Amazon is investing an additional $5 billion in Anthropic and could commit up to $20 billion more over time, deepening their partnership in an increasingly competitive AI landscape.
Anthropic, the developer of the Claude chatbot and coding tool, plans to spend over $100 billion over the next decade on Amazon’s cloud services and chips, the companies said in a statement on Monday.
Amazon was already among Anthropic’s largest backers, with previous investments totaling $8 billion. For Amazon, the partnership has strengthened its cloud business by providing access to a leading AI model and a major customer for its in-house Trainium AI chips.
Anthropic, in turn, has benefited from access to Amazon’s extensive network of corporate clients. According to the companies, more than 100,000 customers run Claude models on Amazon Web Services.
Anthropic, founded in 2021 by several former employees of OpenAI, is widely expected to pursue an initial public offering as early as this year. The company has been working to attract more paying enterprise customers to help offset the substantial costs of developing its technology.
Anthropic secured a $30 billion funding round in February, valuing the San Francisco–based startup at $380 billion, and has since received investor interest suggesting a valuation exceeding $800 billion.
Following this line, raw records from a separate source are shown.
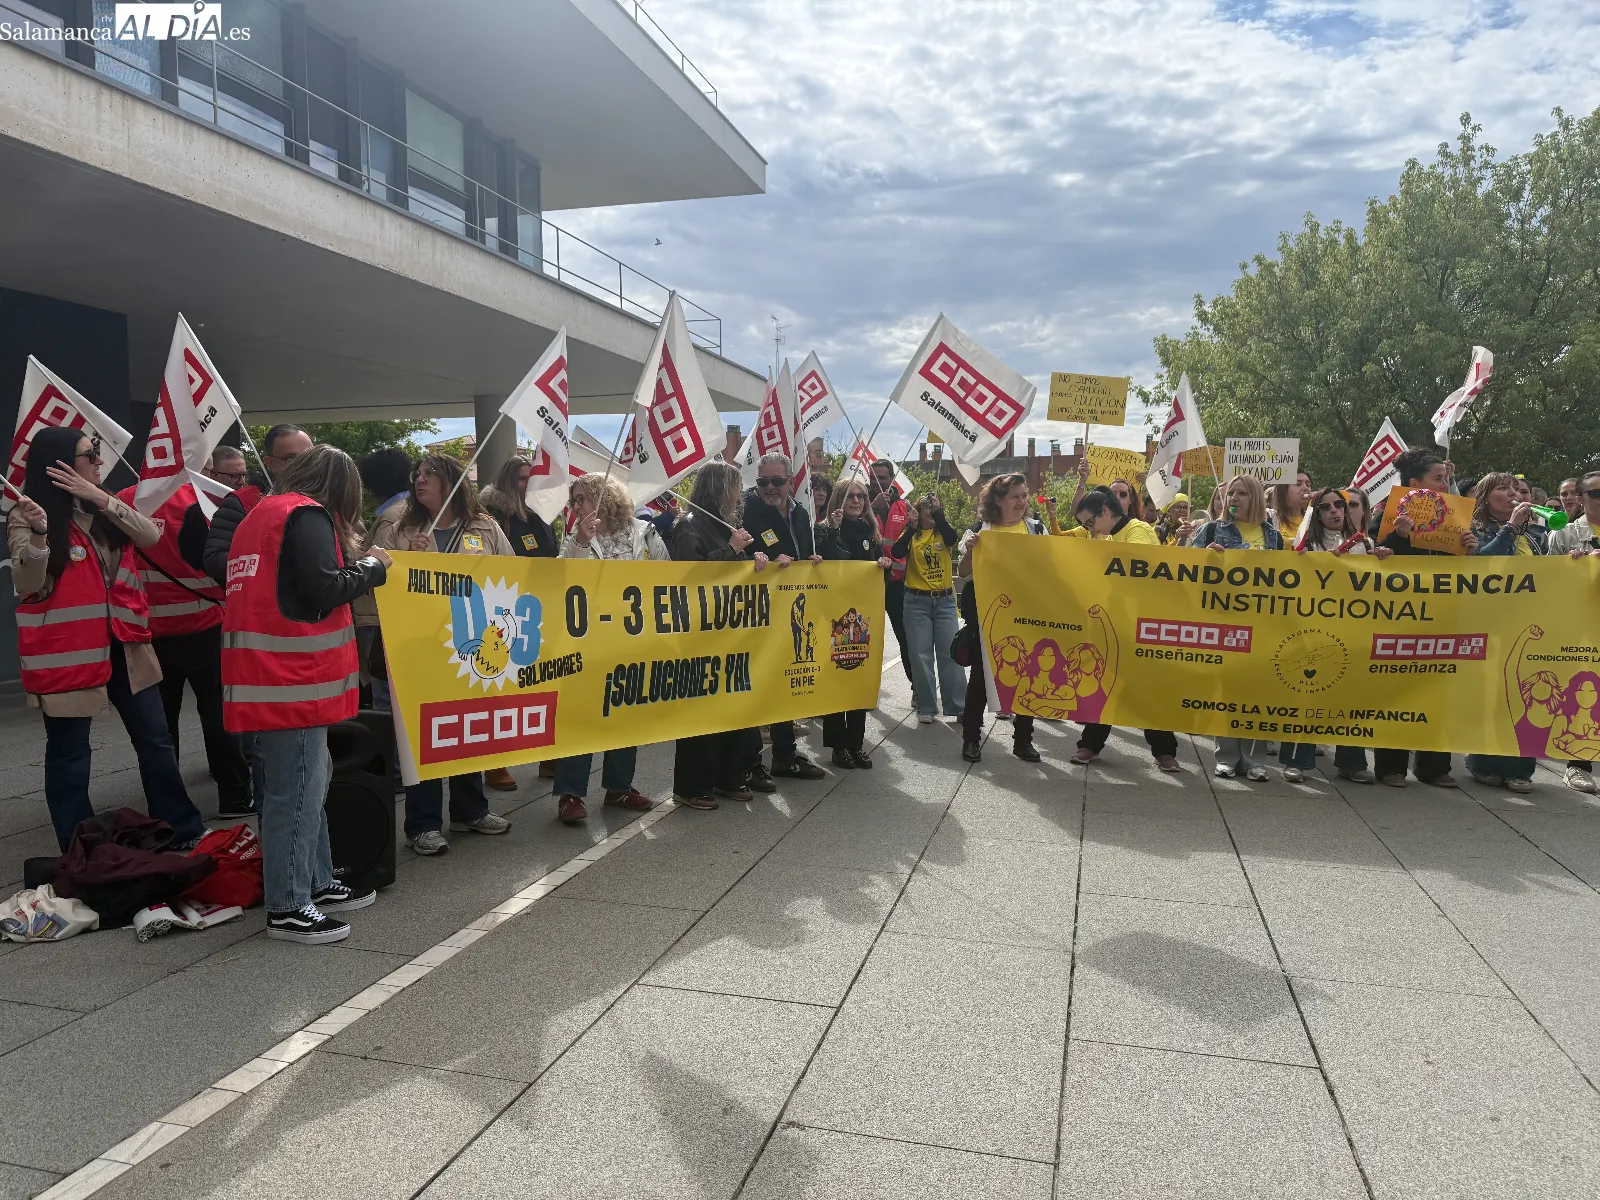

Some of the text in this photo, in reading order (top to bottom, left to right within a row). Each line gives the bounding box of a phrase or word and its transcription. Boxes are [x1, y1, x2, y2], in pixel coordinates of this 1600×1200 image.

[1058, 374, 1071, 383] NO
[930, 352, 1016, 430] CCOO
[919, 391, 979, 444] Salamanca
[1229, 440, 1242, 451] LAS
[1228, 451, 1294, 464] LUCHANDO ESTÁN
[1087, 461, 1140, 484] DUCAMO
[407, 567, 473, 598] MALTRATO
[1104, 557, 1537, 594] ABANDONO Y VIOLENCIA
[565, 584, 589, 638] 0
[622, 586, 644, 636] 3
[653, 585, 690, 634] EN
[697, 583, 771, 632] LUCHA
[1202, 590, 1433, 621] INSTITUCIONAL
[1013, 616, 1083, 631] MENOS RATIOS
[1140, 621, 1220, 646] CCOO
[1274, 628, 1321, 659] PLATAFORMA
[1376, 638, 1456, 655] CCOO
[1560, 646, 1599, 654] MEJORA
[1135, 646, 1223, 665] enseñanza
[1526, 654, 1590, 663] CONDICIONES
[517, 651, 584, 689] SOLUCIONES
[1369, 661, 1457, 675] enseñanza
[790, 675, 815, 689] EN PIE
[1181, 698, 1429, 724] SOMOS LA VOZ DE LA INFANCIA
[431, 704, 548, 749] CCOO
[1230, 720, 1374, 738] 0-3 ES EDUCACIÓN
The agreement highlights Anthropic’s growing demand for the vast computing power required to develop new versions of Claude. Like OpenAI, the company has struck multiple deals to secure advanced chips and rented computing capacity.
Anthropic recently announced it would partner with Broadcom to source chips based on Google’s tensor processing units, which compete with Amazon’s Trainium chips. The collaboration is expected to provide access to around 3.5 gigawatts of computing power.
In October, Anthropic also confirmed plans to procure up to one million specialised AI chips from a unit of Alphabet Inc., in a deal valued at tens of billions of dollars.
In Monday’s announcement, Amazon said it would supply Anthropic with both general-purpose computing chips and AI accelerators, enabling it to scale up to roughly 5 gigawatts of computing power.
Although Anthropic has enjoyed strong momentum this year with popular offerings such as its Claude Code AI tool, it is also embroiled in a dispute with the United States government over AI safeguards – an issue that has led to legal action by the company, which it says could impact its business.
Amazon said it remains a minority investor and does not hold a seat on Anthropic’s board or trust. The company added that any future investments will be linked to specific commercial milestones.